======== Supplied material
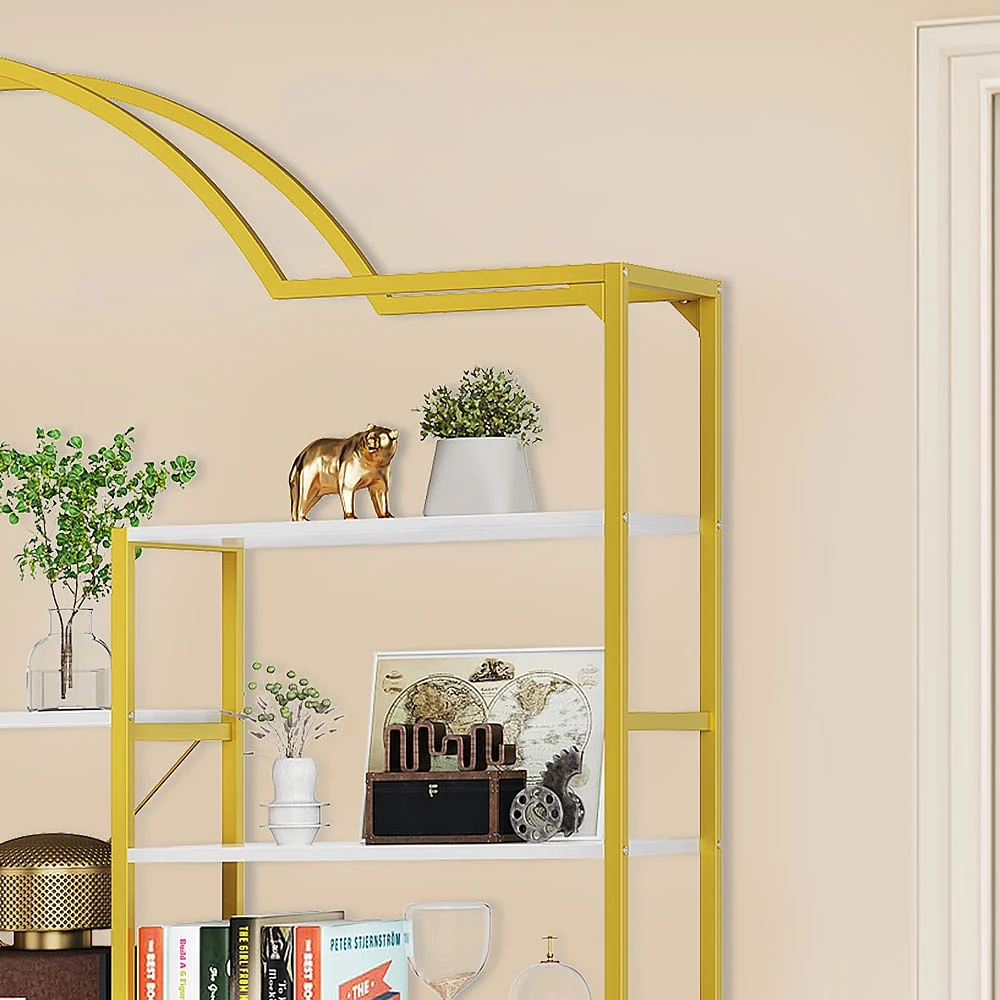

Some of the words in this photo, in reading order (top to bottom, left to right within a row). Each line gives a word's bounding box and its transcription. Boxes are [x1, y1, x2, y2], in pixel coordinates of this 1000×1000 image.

[239, 926, 248, 942] THE
[330, 936, 352, 951] PETER
[354, 931, 400, 950] STJERNSTRÖM
[239, 945, 248, 966] GIRL
[146, 953, 156, 980] BEST
[209, 966, 218, 981] The
[304, 954, 312, 980] BEST
[239, 968, 248, 992] FROM
[278, 980, 286, 994] To
[352, 982, 370, 1000] THE
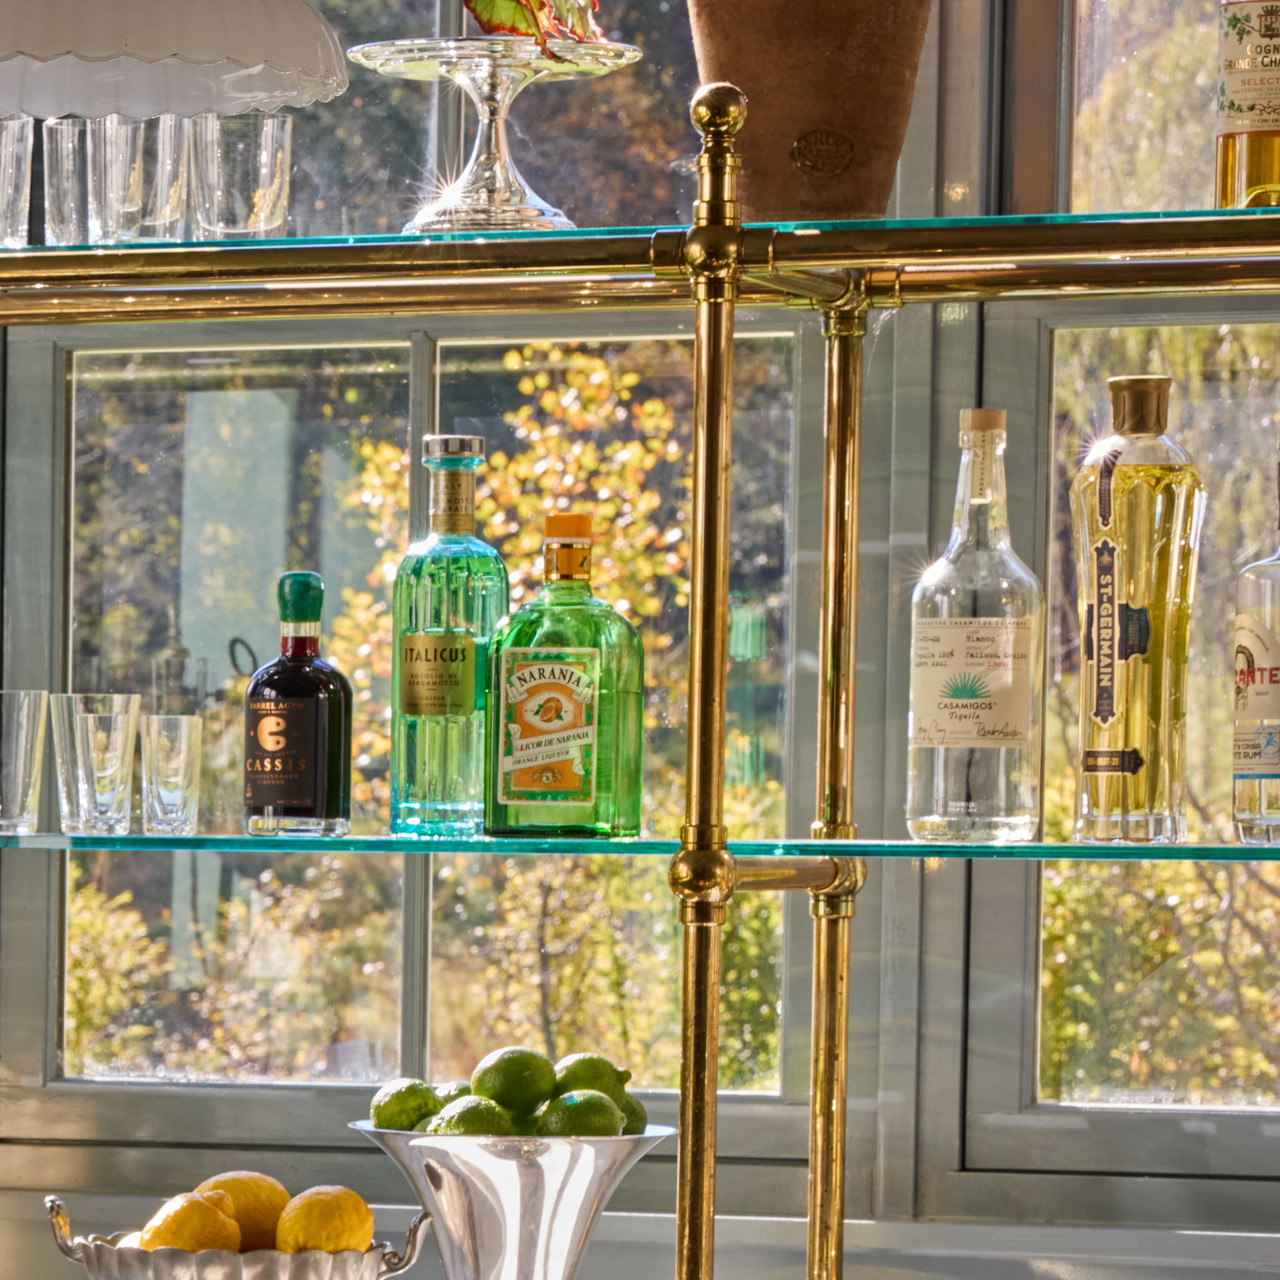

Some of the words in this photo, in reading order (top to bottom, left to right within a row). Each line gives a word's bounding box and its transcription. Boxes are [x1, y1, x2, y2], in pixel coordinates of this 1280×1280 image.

[1223, 58, 1257, 70] GRANDE
[1099, 575, 1112, 687] ST-GERMAIN
[966, 635, 996, 643] Blanco
[405, 647, 467, 662] ITALICUS
[516, 667, 582, 687] NARANJA
[949, 711, 980, 721] Tequila
[520, 739, 543, 751] LICOR
[544, 738, 555, 748] DE
[556, 731, 589, 745] NARANJA
[246, 758, 306, 771] CASSIS
[513, 756, 539, 766] ORANGE
[541, 750, 570, 761] LIQUEUR
================
Nothing but the exact text of the records should appear in your answer, with no pictures. Please write it out.

Some of the words in this photo, in reading order (top to bottom, left to right within a row). Each line gives a word's bounding box and its transcription. Boxes are [x1, y1, x2, y2], in pixel coordinates of this 1000×1000 image.

[239, 926, 248, 942] THE
[330, 936, 352, 951] PETER
[354, 931, 400, 950] STJERNSTRÖM
[239, 945, 248, 966] GIRL
[146, 953, 156, 980] BEST
[209, 966, 218, 981] The
[304, 954, 312, 980] BEST
[239, 968, 248, 992] FROM
[278, 980, 286, 994] To
[352, 982, 370, 1000] THE

Some of the words in this photo, in reading order (top to bottom, left to right within a row). Each line gives a word's bounding box and its transcription. Boxes are [x1, y1, x2, y2], in pixel coordinates of this 1280×1280 image.

[1223, 58, 1257, 70] GRANDE
[1099, 575, 1112, 687] ST-GERMAIN
[966, 635, 996, 643] Blanco
[405, 647, 467, 662] ITALICUS
[516, 667, 582, 687] NARANJA
[949, 711, 980, 721] Tequila
[520, 739, 543, 751] LICOR
[544, 738, 555, 748] DE
[556, 731, 589, 745] NARANJA
[246, 758, 306, 771] CASSIS
[513, 756, 539, 766] ORANGE
[541, 750, 570, 761] LIQUEUR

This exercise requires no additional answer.